(Spatial localization data)

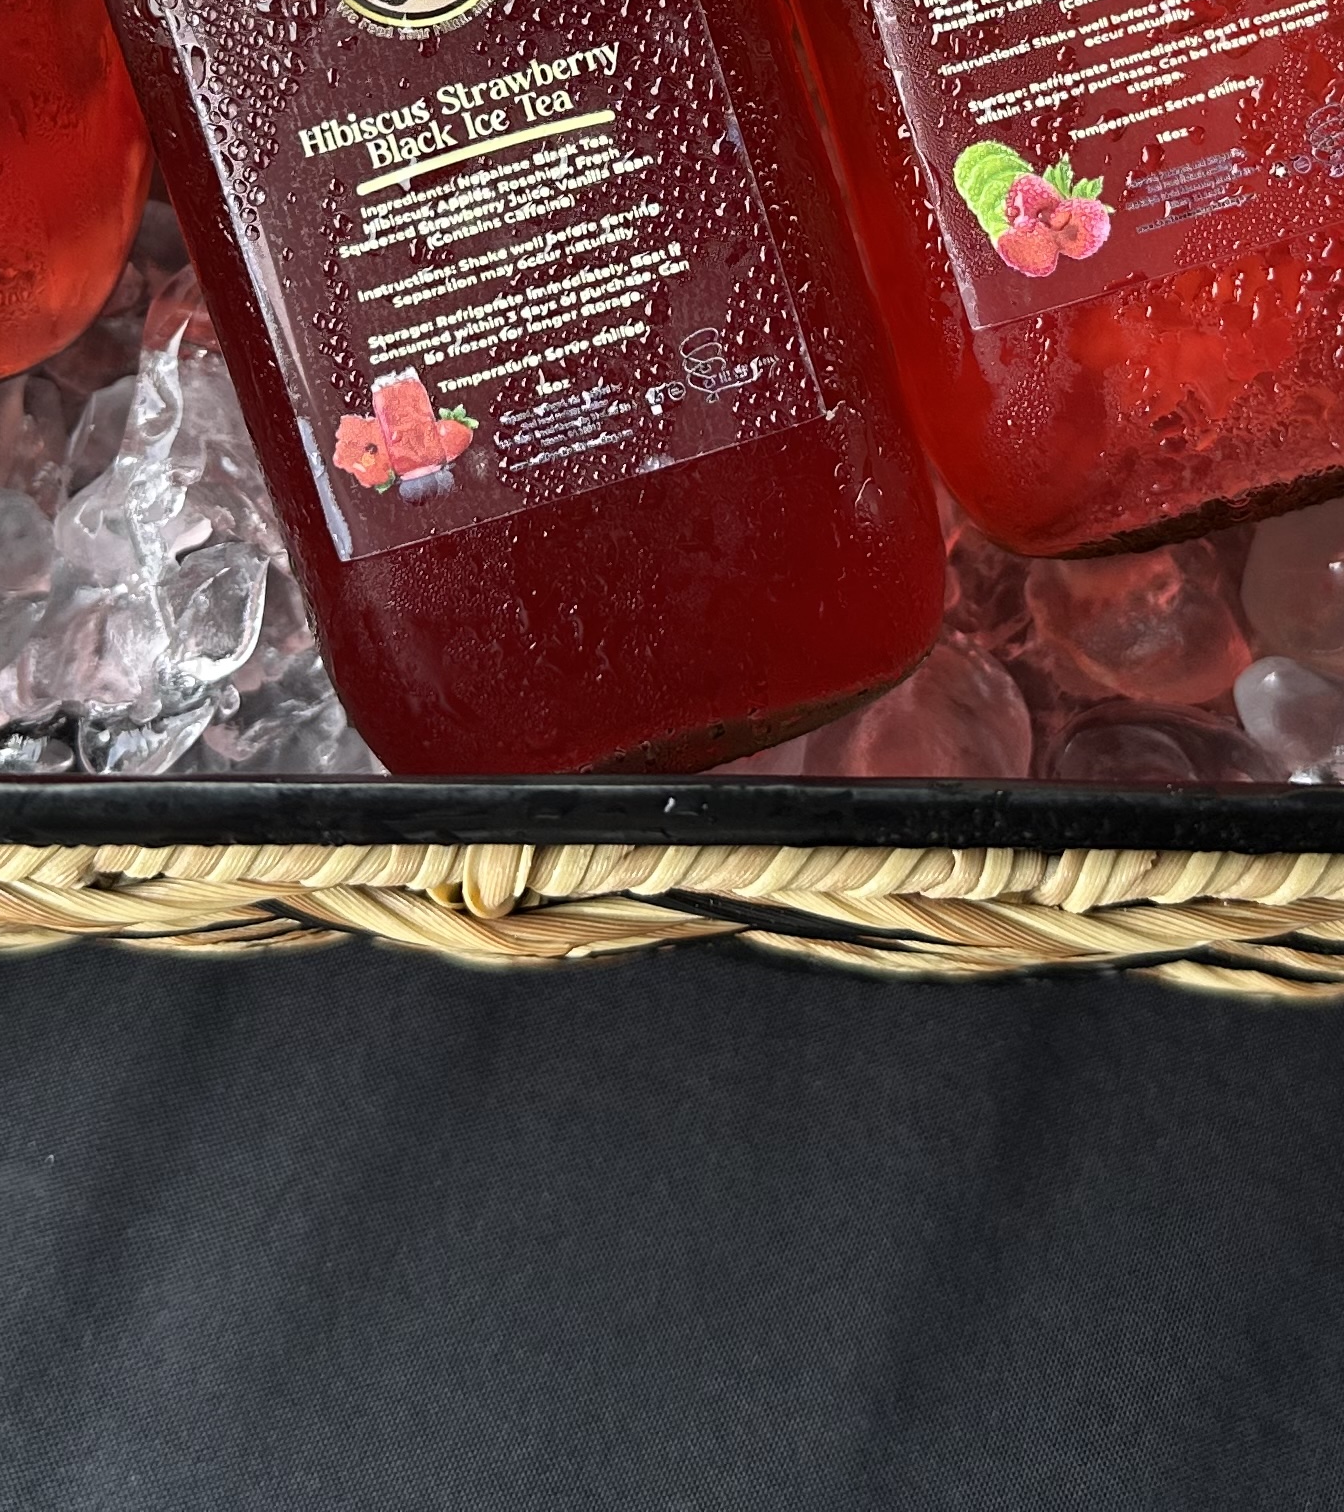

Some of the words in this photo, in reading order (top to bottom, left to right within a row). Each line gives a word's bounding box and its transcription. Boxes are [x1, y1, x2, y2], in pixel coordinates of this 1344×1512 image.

[933, 6, 1005, 37] Raspberry
[1084, 28, 1124, 47] occur
[1127, 8, 1194, 34] naturally.
[975, 105, 1021, 125] within
[1022, 100, 1033, 112] 3
[1034, 90, 1069, 108] days
[1070, 83, 1085, 97] of
[1158, 54, 1188, 69] Can
[1189, 48, 1209, 60] be
[1259, 25, 1281, 39] for
[1281, 10, 1329, 33] longer
[1127, 71, 1185, 94] storage.
[299, 99, 429, 157] Hibiscus
[437, 43, 618, 118] Strawberry
[366, 121, 456, 168] Black
[461, 108, 509, 139] Ice
[514, 84, 573, 121] Tea
[1069, 106, 1163, 141] Temperature:
[1164, 93, 1206, 112] Serve
[457, 160, 530, 189] Nepalese
[578, 134, 614, 151] Tea,
[1156, 127, 1189, 144] 16oz
[363, 202, 435, 235] Hibiscus,
[437, 187, 496, 213] Apples,
[575, 147, 620, 170] Fresh
[426, 217, 502, 250] (Contains
[504, 194, 575, 224] Caffeine)
[393, 275, 477, 308] Separation
[480, 263, 514, 282] may
[517, 247, 561, 270] occur
[565, 227, 638, 258] naturally.
[423, 350, 445, 365] be
[447, 335, 499, 357] frozen
[526, 310, 577, 333] longer
[580, 291, 644, 317] storage.
[535, 379, 571, 396] 16oz

Work task — The records above should be written out in full and unchanged, except that pictures are dropped.

Answer to this exercise —
Some of the words in this photo, in reading order (top to bottom, left to right within a row). Each line gives a word's bounding box and its transcription. Boxes are [x1, y1, x2, y2], in pixel coordinates of this 1344×1512 image.

[933, 6, 1005, 37] Raspberry
[1084, 28, 1124, 47] occur
[1127, 8, 1194, 34] naturally.
[975, 105, 1021, 125] within
[1022, 100, 1033, 112] 3
[1034, 90, 1069, 108] days
[1070, 83, 1085, 97] of
[1158, 54, 1188, 69] Can
[1189, 48, 1209, 60] be
[1259, 25, 1281, 39] for
[1281, 10, 1329, 33] longer
[1127, 71, 1185, 94] storage.
[299, 99, 429, 157] Hibiscus
[437, 43, 618, 118] Strawberry
[366, 121, 456, 168] Black
[461, 108, 509, 139] Ice
[514, 84, 573, 121] Tea
[1069, 106, 1163, 141] Temperature:
[1164, 93, 1206, 112] Serve
[457, 160, 530, 189] Nepalese
[578, 134, 614, 151] Tea,
[1156, 127, 1189, 144] 16oz
[363, 202, 435, 235] Hibiscus,
[437, 187, 496, 213] Apples,
[575, 147, 620, 170] Fresh
[426, 217, 502, 250] (Contains
[504, 194, 575, 224] Caffeine)
[393, 275, 477, 308] Separation
[480, 263, 514, 282] may
[517, 247, 561, 270] occur
[565, 227, 638, 258] naturally.
[423, 350, 445, 365] be
[447, 335, 499, 357] frozen
[526, 310, 577, 333] longer
[580, 291, 644, 317] storage.
[535, 379, 571, 396] 16oz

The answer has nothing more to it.